Behind the sushi bar, four black kanji characters painted onto a white scroll with a greenish-khaki background symbolize the Japanese tradition of passing down the business to the eldest son. Though the Kushis didn't have a son, Michio commissioned the famed Japanese calligrapher Mochizuki Toshikata to create the scroll, which seems to encapsulate the family in near-ascetic simplicity.
"It's a message from my family," Erika says. "This symbolizes my parents passing down to me, the only child, not only the business but all the love, all the traditions we have."
Those traditions, it seems, have helped carry all of the regulars from Sushi Deli to Sushi Erika. She arrives each morning around 9:30 and starts rinsing and steaming the day's rice.
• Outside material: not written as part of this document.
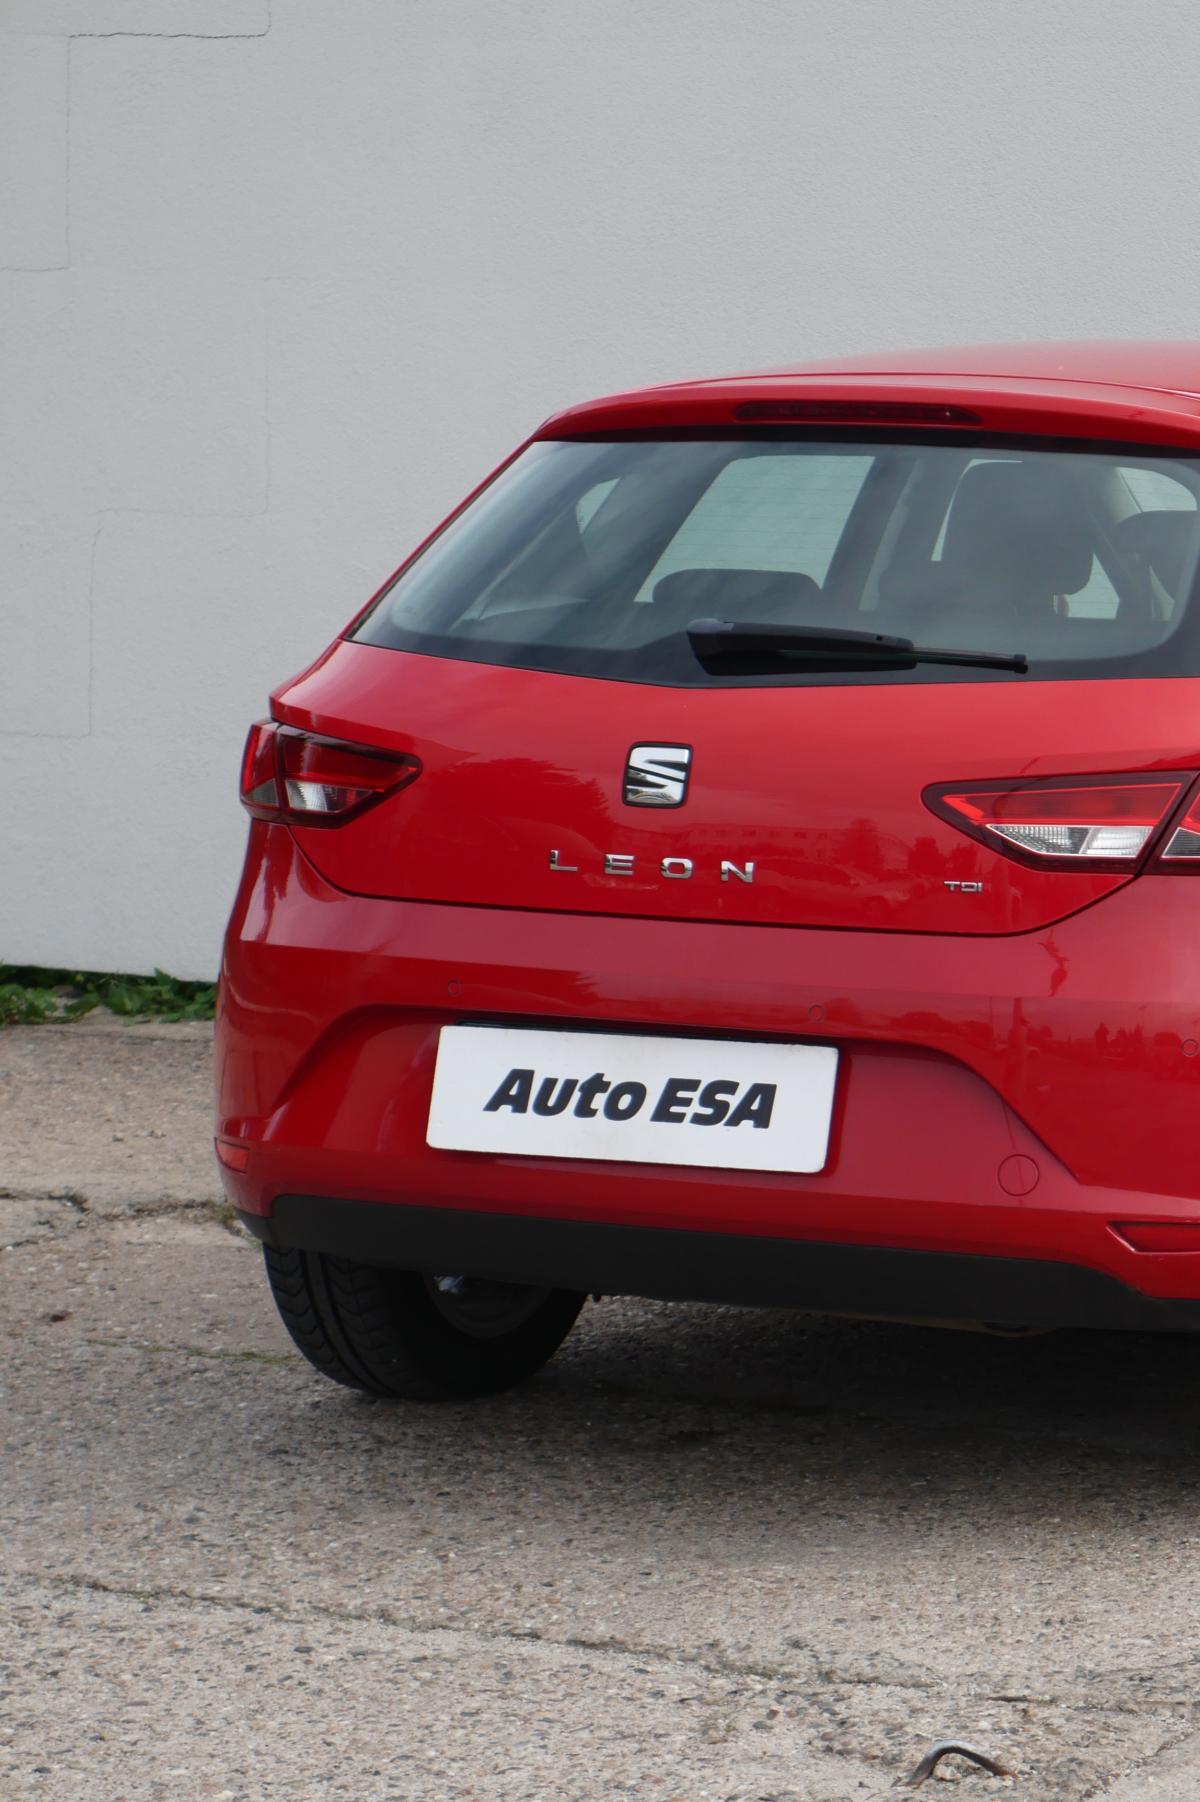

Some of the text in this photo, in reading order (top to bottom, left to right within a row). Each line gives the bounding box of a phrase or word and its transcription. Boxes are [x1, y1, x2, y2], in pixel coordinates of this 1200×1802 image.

As it cooks, the kitchen staff arrives and Erika begins cleaning fish for the day: a whole side of salmon, a 15-pound loin of tuna, and perhaps something seasonal like sweet little firefly squid from Japan. By the time the rice is finished, cooks arrive to help set up the sushi bar and prepare the restaurant for its first guests. Meanwhile, Erika is in the back, seasoning the rice with a combination of red vinegar, seaweed, and sugar. At some point, the clock hits 11:30 a.m., and already a half-dozen people are waiting outside the locked doors. When she opens them at noon, the dining room fills in a flash. Most of them are regulars, whose orders Erika knows by heart.
John and Melissa Didovic, a doctor and a nurse, began visiting Sushi Deli in 2011 on a friend's recommendation. Since then, the two have become parents and have little time to eat out, but they regularly steal away to Sushi Erika, as they did at Sushi Deli, for a quick lunch and escape from the world. Their order has remained mostly unchanged: a couple of her signature rolls, a tuna tartare ($8.95), and an octopus tiradito ($13.95).
"It's incredible to see her take everything she's done and everything she's learned and create something for herself," John Didovic says. "It seems like these days, you very rarely see a family business last through different generations, and I think it's something special. You don't think Steve Aoki will be greeting people at Benihana across the street when it reopens, do you?"